───── Exercise inputs

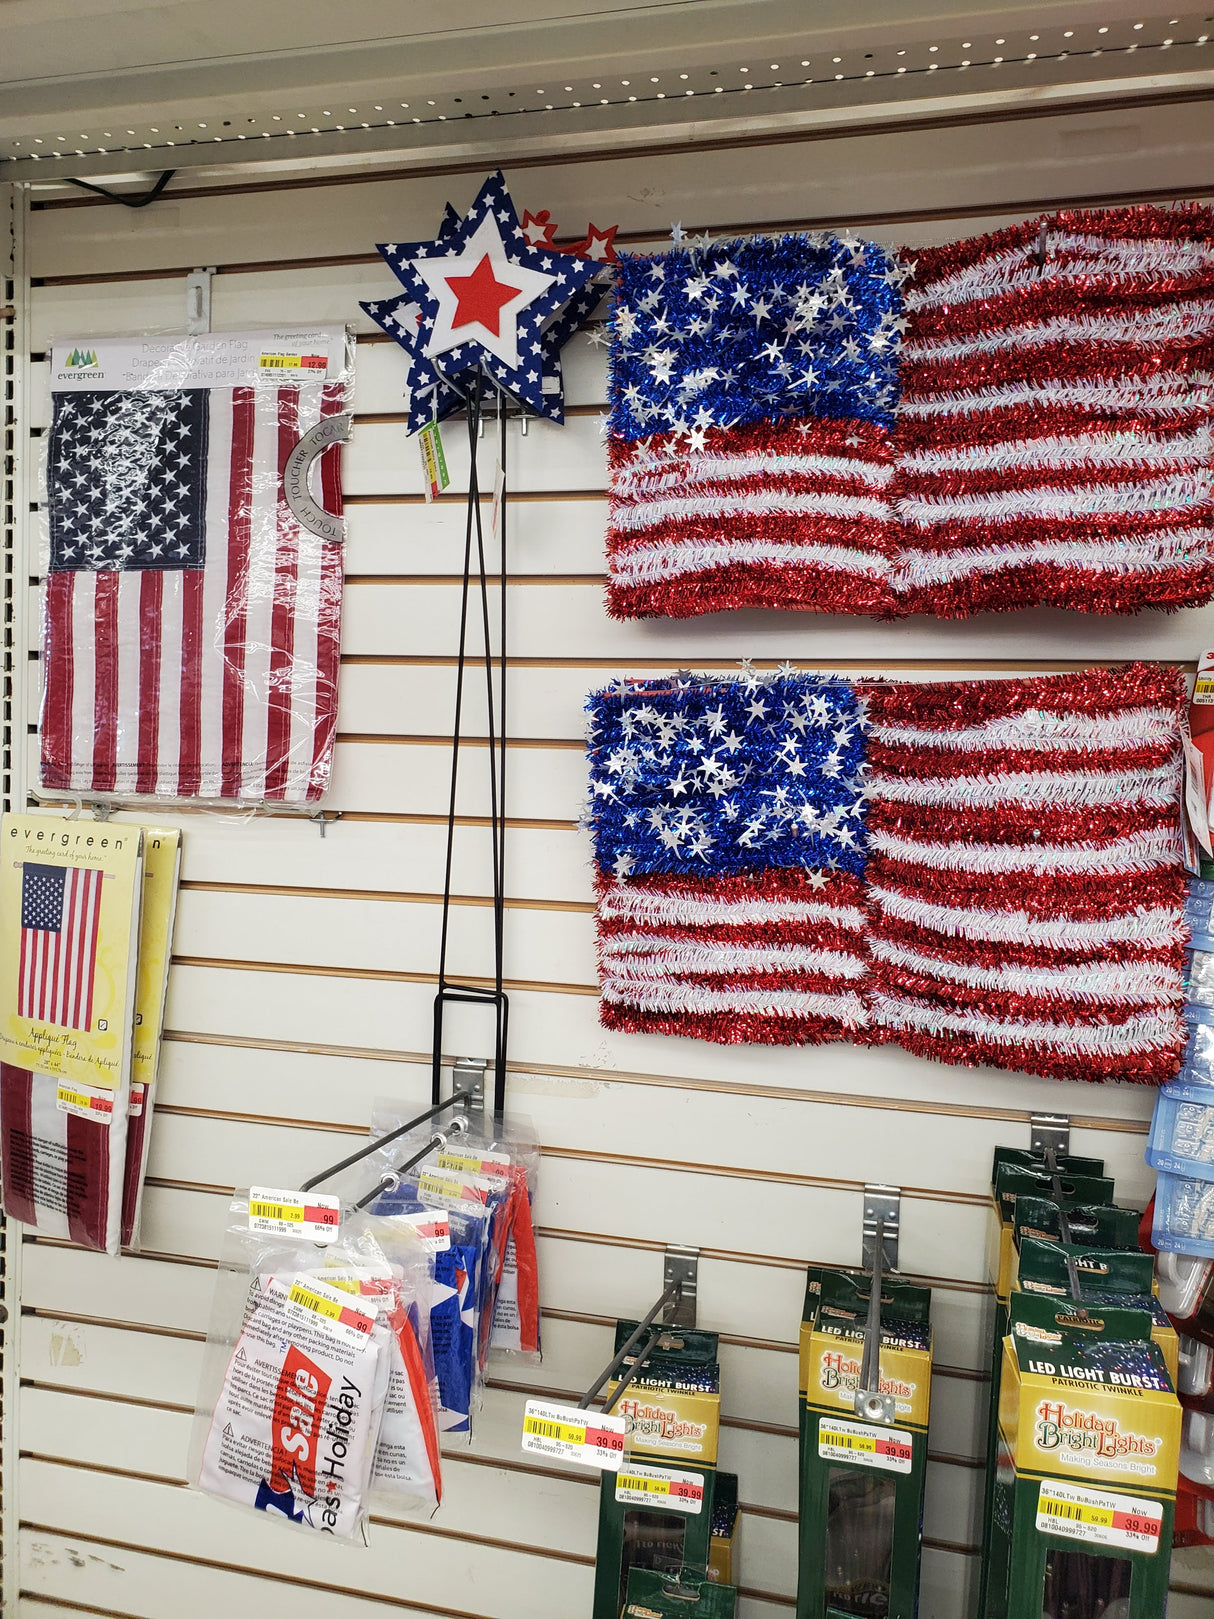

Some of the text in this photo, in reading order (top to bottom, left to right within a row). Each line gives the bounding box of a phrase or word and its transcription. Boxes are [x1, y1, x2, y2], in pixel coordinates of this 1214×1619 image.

[229, 340, 248, 350] Flag
[57, 371, 104, 381] evergreen
[310, 422, 345, 447] TOCAR
[290, 449, 309, 503] TOUCHER
[300, 506, 337, 537] TOUCH
[10, 827, 123, 850] evergreen
[26, 845, 37, 853] The
[29, 1027, 60, 1046] Appliqué
[61, 1034, 77, 1050] Flag
[261, 1194, 282, 1202] American
[321, 1214, 334, 1225] .99
[303, 1283, 323, 1296] American
[325, 1309, 335, 1318] 2.99
[354, 1321, 368, 1333] .99
[262, 1320, 272, 1330] bag
[272, 1324, 283, 1333] and
[282, 1329, 293, 1337] any
[292, 1332, 308, 1341] other
[308, 1337, 330, 1351] packing
[330, 1345, 356, 1358] materials
[325, 1334, 336, 1344] bag
[821, 1325, 921, 1349] LED BURST
[335, 1354, 343, 1363] Do
[343, 1359, 354, 1367] not
[1028, 1360, 1160, 1390] LED LIGHT BURST
[618, 1374, 711, 1393] LD LIGHT BURST
[631, 1384, 665, 1393] PATRIOTIC
[878, 1378, 911, 1397] ights
[1051, 1377, 1144, 1397] PATRIOTIC TWINKLE
[280, 1368, 319, 1462] sale
[620, 1400, 675, 1424] Holiday
[1039, 1402, 1116, 1435] Holiday
[321, 1375, 362, 1483] Holiday
[601, 1424, 615, 1433] Now
[596, 1436, 623, 1451] 39.99
[635, 1437, 701, 1451] Making Seasons Bright
[885, 1446, 910, 1459] 39.99
[1060, 1453, 1155, 1474] Making Seasons Bright
[678, 1487, 701, 1499] 39.99
[1041, 1487, 1075, 1501] 36"140LTw
[1131, 1507, 1148, 1516] Now
[1091, 1515, 1108, 1524] 59.99
[1124, 1518, 1158, 1534] 39.99

──────────

• Problem to work on
Your job is to return all lines above that hold the word "Flag".

• Task output
[229, 340, 248, 350] Flag
[61, 1034, 77, 1050] Flag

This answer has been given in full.